Re: When is a Fault a Fault?

Hi Stuart,

> Hi Mark,
> 
> I think that there is a small hook for this in the current HTTP binding and
> it was probably intended to be a larger hook that it currently seems to be.
> A property named "transport:faultHint" is used (once) at the requesting node
> with a boolean value is used to signify the receipt of an HTTP response with
> a 500 status code.

Ah, didn't see that.  If we go with this though, it should also hold
that a Fault is a Fault if it's over 4xx or 5xx.

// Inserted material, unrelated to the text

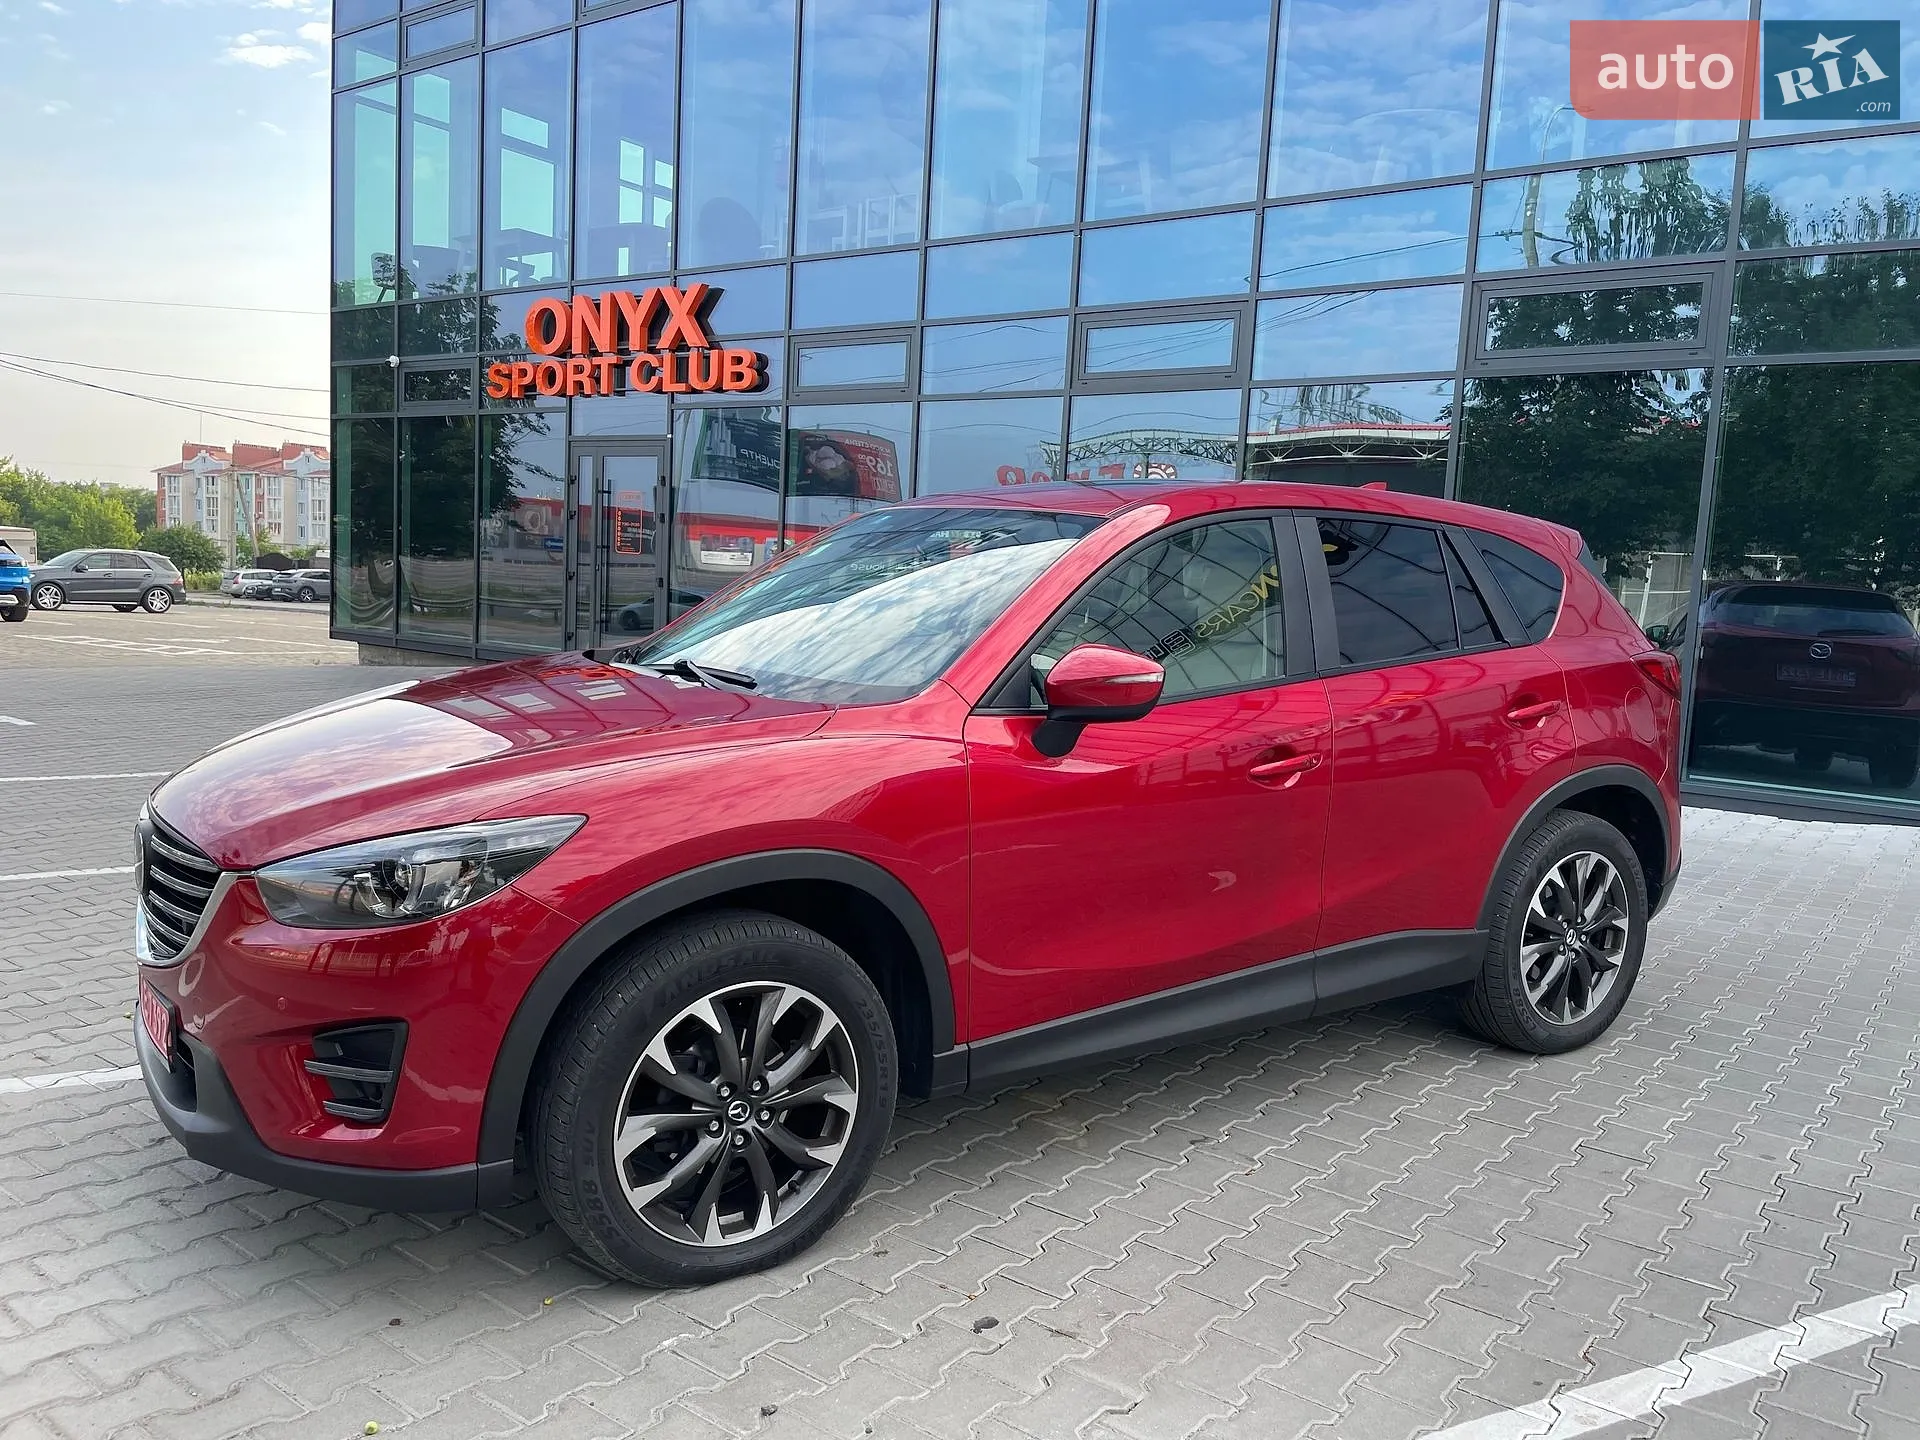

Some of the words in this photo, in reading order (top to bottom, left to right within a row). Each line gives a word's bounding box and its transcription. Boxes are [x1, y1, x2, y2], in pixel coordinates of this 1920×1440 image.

[524, 283, 710, 355] ONYX
[486, 356, 622, 399] SPORT
[629, 348, 758, 393] CLUB

> We need to include a description this property in the table at the end of
> section 6 [1]. We can also make use of it at the responding node as a means
> by which the responding SOAP processor can instruct the binding that it
> regards the SOAP response as containing a fault.

I'm unclear what you mean by that last sentence, but I reckon that it's
not important to this discussion (right?).

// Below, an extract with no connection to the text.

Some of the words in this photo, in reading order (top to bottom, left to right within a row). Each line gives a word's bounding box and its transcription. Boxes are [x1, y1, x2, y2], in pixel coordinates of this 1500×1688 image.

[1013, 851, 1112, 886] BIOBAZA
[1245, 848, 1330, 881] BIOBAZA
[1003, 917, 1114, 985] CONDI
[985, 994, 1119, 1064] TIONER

> An interesting question is then how we mark out a simlar use/mention
> distinction in the email binding.

Good point.  I haven't looked at it yet.  I'll try to do that soon.

> There are a number of cases that your question brings up:
> 
>   a) marking of faults carried in HTTP requests 
>      (eg. a one-way message reporting a fault in some TBD MEP)
> 
>   b) receipt of an HTTP (POST?) response, status code 500, containing 
>      a SOAP envelope that does *not* contain a SOAP fault.
> 
>   c) receipt of an HTTP response, status code <> 500, containing 
>      a SOAP envelope that *does* contain a SOAP Fault.

Right.

> The original intent of "transport:faultHint" was not so much as to enable
> the 'use'/'mention' distinction that you cite on your question. I'm not sure
> that I really want to go there. I think for the 'mention' use-case that you
> raise I would prefer to see a way to quote faults inside a SOAP message.
> That way, the primary way to know whether a fault is a fault is merely its
> unquoted presence in a SOAP message. Yes... do the right thing with the
> status codes underneath aswell... but make the distinction clear in the SOAP
> message.

Which mechanism are you suggesting be authoritative?  I would be
uncomfortable with using anything other than the success/fail mechanism
of the underlying protocol, where present.  And where it's not present,
I don't think it matters much how it's determined, as long as it's
standardized in the binding.

Another option is including some information within the envelope to
indicate the intent, but that feels uncomfortable to me.  Not sure
why exactly, but I'll think more about it.

MB
-- 
Mark Baker, Chief Science Officer, Planetfred, Inc.